### TASK
The entries underneath need to be duplicated exactly, with none omitted.
*** PROVIDED RECORDS Section Begins ***
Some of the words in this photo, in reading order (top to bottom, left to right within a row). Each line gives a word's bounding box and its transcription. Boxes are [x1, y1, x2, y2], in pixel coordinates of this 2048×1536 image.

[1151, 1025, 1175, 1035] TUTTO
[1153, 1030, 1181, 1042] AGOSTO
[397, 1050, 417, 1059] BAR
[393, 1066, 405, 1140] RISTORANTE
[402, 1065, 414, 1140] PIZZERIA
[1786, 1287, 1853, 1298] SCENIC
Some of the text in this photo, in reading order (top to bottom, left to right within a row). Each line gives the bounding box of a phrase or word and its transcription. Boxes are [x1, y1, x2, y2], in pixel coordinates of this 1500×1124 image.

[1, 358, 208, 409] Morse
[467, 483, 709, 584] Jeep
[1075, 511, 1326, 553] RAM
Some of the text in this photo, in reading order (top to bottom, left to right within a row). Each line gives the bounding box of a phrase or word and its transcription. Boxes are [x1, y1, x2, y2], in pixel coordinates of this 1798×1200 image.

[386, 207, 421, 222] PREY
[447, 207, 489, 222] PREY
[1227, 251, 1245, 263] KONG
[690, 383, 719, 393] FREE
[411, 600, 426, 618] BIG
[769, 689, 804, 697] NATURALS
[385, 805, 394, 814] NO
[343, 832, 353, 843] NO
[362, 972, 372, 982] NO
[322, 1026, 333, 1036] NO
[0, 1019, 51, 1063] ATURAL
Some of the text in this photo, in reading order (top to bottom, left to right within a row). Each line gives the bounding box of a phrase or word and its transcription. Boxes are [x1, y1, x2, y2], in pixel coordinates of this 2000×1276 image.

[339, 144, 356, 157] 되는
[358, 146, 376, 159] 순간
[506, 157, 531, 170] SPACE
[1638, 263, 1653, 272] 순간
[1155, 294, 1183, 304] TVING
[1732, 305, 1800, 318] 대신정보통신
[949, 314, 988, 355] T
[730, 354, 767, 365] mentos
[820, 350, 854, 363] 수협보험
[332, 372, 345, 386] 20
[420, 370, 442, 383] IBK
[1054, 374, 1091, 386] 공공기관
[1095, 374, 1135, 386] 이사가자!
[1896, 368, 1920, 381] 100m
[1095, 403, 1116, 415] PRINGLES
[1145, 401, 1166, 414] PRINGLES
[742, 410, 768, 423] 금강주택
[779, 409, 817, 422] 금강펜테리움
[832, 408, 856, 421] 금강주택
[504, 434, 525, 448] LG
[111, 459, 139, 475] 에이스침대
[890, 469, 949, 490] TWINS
*** PROVIDED RECORDS Section Ends ***
### EXERCISE OUTPUT
Some of the words in this photo, in reading order (top to bottom, left to right within a row). Each line gives a word's bounding box and its transcription. Boxes are [x1, y1, x2, y2], in pixel coordinates of this 2048×1536 image.

[1151, 1025, 1175, 1035] TUTTO
[1153, 1030, 1181, 1042] AGOSTO
[397, 1050, 417, 1059] BAR
[393, 1066, 405, 1140] RISTORANTE
[402, 1065, 414, 1140] PIZZERIA
[1786, 1287, 1853, 1298] SCENIC
Some of the text in this photo, in reading order (top to bottom, left to right within a row). Each line gives the bounding box of a phrase or word and its transcription. Boxes are [x1, y1, x2, y2], in pixel coordinates of this 1500×1124 image.

[1, 358, 208, 409] Morse
[467, 483, 709, 584] Jeep
[1075, 511, 1326, 553] RAM
Some of the text in this photo, in reading order (top to bottom, left to right within a row). Each line gives the bounding box of a phrase or word and its transcription. Boxes are [x1, y1, x2, y2], in pixel coordinates of this 1798×1200 image.

[386, 207, 421, 222] PREY
[447, 207, 489, 222] PREY
[1227, 251, 1245, 263] KONG
[690, 383, 719, 393] FREE
[411, 600, 426, 618] BIG
[769, 689, 804, 697] NATURALS
[385, 805, 394, 814] NO
[343, 832, 353, 843] NO
[362, 972, 372, 982] NO
[322, 1026, 333, 1036] NO
[0, 1019, 51, 1063] ATURAL
Some of the text in this photo, in reading order (top to bottom, left to right within a row). Each line gives the bounding box of a phrase or word and its transcription. Boxes are [x1, y1, x2, y2], in pixel coordinates of this 2000×1276 image.

[339, 144, 356, 157] 되는
[358, 146, 376, 159] 순간
[506, 157, 531, 170] SPACE
[1638, 263, 1653, 272] 순간
[1155, 294, 1183, 304] TVING
[1732, 305, 1800, 318] 대신정보통신
[949, 314, 988, 355] T
[730, 354, 767, 365] mentos
[820, 350, 854, 363] 수협보험
[332, 372, 345, 386] 20
[420, 370, 442, 383] IBK
[1054, 374, 1091, 386] 공공기관
[1095, 374, 1135, 386] 이사가자!
[1896, 368, 1920, 381] 100m
[1095, 403, 1116, 415] PRINGLES
[1145, 401, 1166, 414] PRINGLES
[742, 410, 768, 423] 금강주택
[779, 409, 817, 422] 금강펜테리움
[832, 408, 856, 421] 금강주택
[504, 434, 525, 448] LG
[111, 459, 139, 475] 에이스침대
[890, 469, 949, 490] TWINS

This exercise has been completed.